┏━━
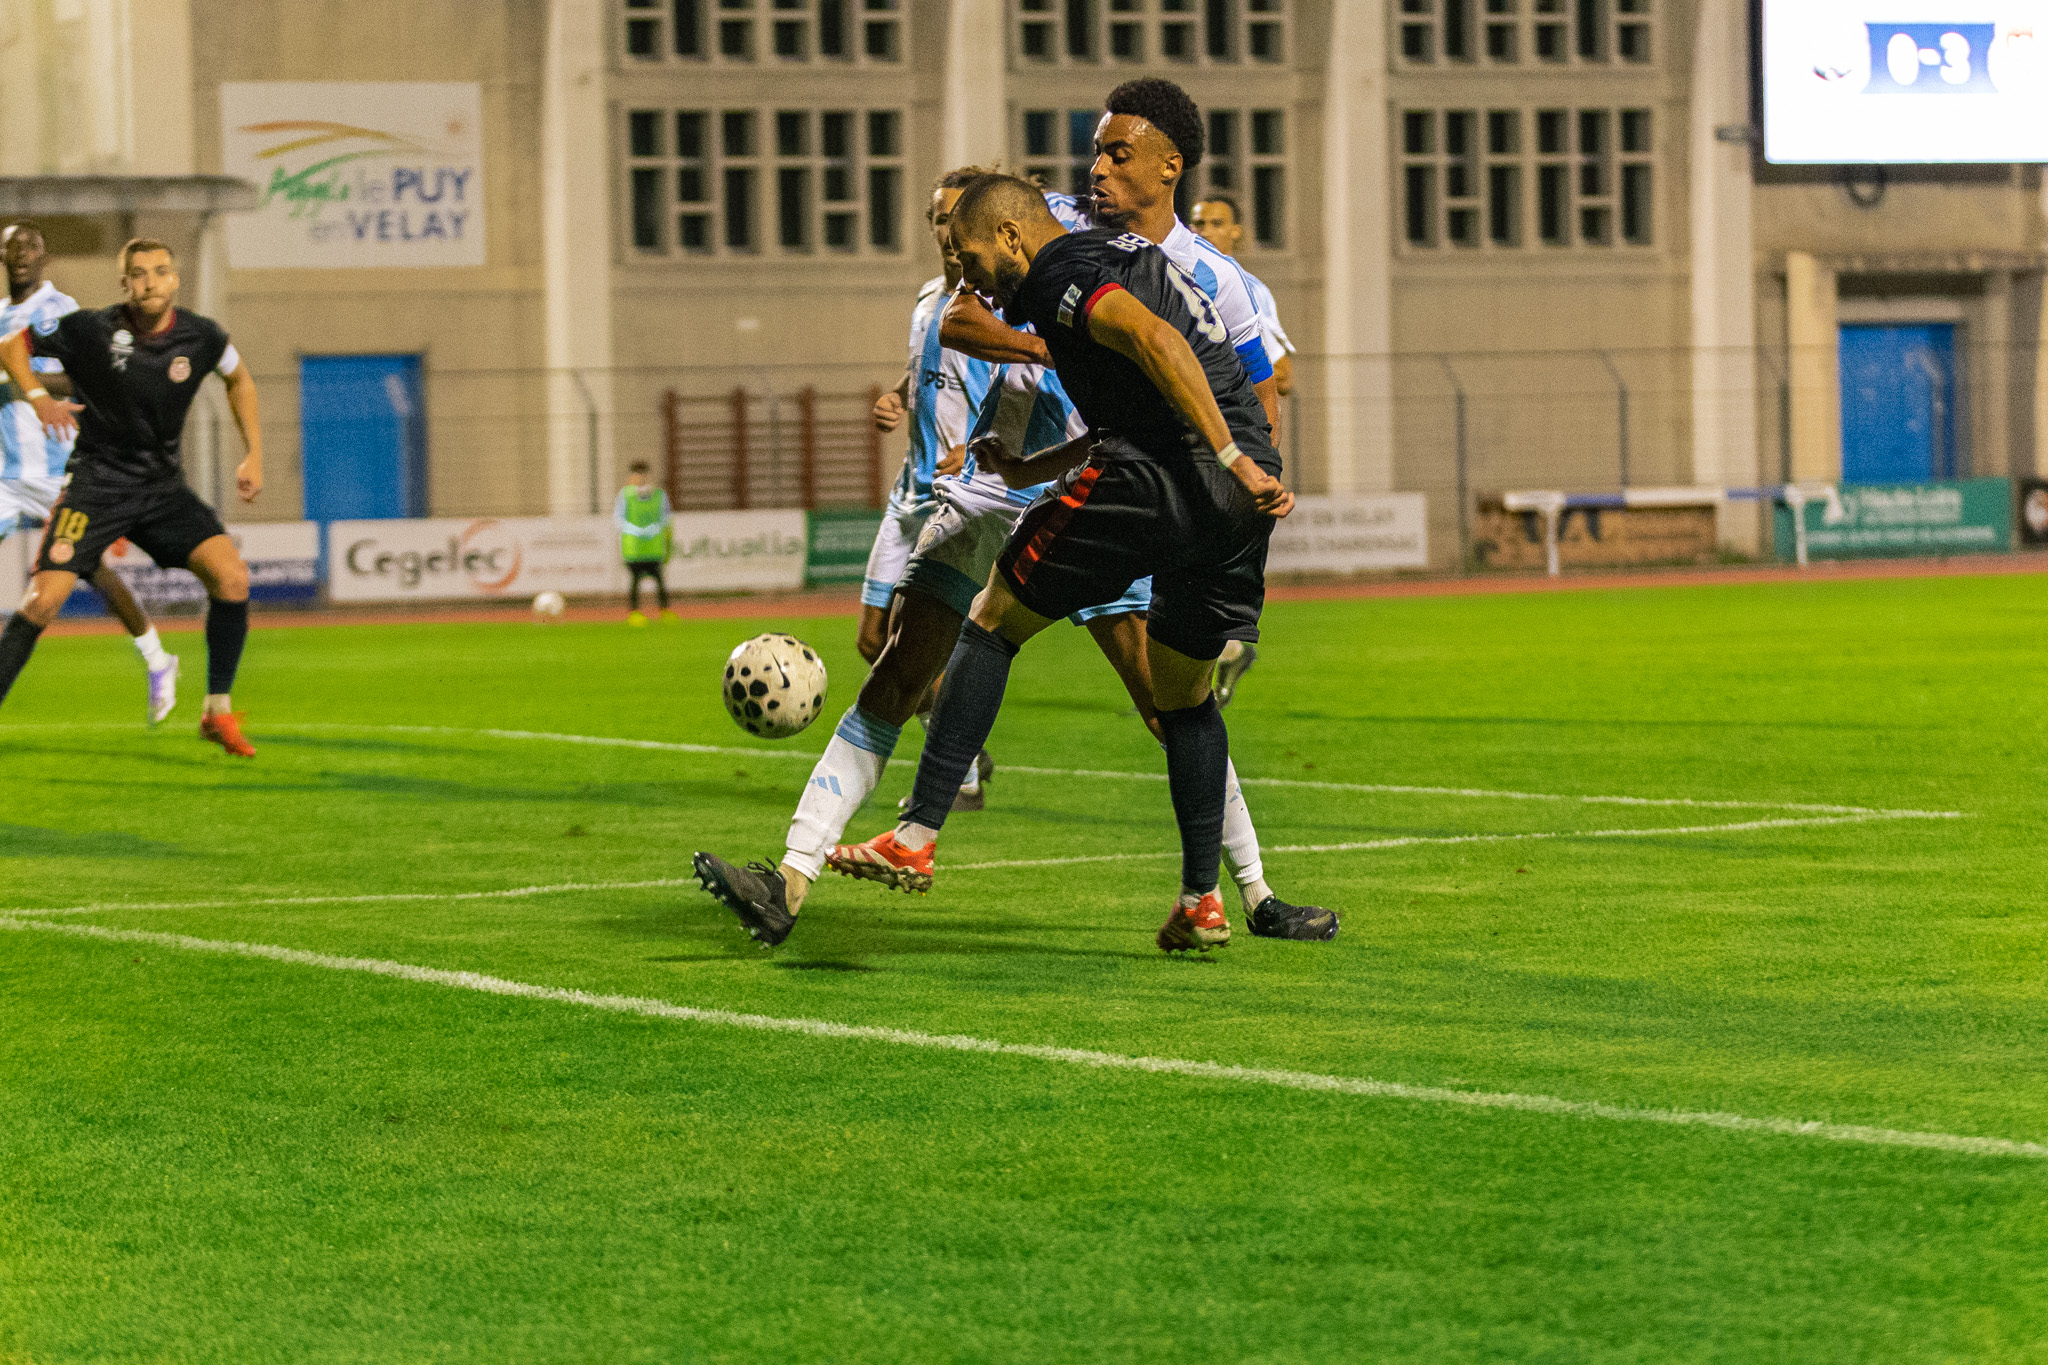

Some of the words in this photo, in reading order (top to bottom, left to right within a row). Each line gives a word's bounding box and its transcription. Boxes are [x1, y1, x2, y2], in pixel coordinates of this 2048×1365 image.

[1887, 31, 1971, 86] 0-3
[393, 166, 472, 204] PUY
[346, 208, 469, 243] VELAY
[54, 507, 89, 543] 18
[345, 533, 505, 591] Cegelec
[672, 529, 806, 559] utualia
┗━━
_Assignment_
Once the pictures are removed, set down what remains of the entries above exactly.

_Output for this task_
Some of the words in this photo, in reading order (top to bottom, left to right within a row). Each line gives a word's bounding box and its transcription. Boxes are [x1, y1, x2, y2], in pixel coordinates of this 2048×1365 image.

[1887, 31, 1971, 86] 0-3
[393, 166, 472, 204] PUY
[346, 208, 469, 243] VELAY
[54, 507, 89, 543] 18
[345, 533, 505, 591] Cegelec
[672, 529, 806, 559] utualia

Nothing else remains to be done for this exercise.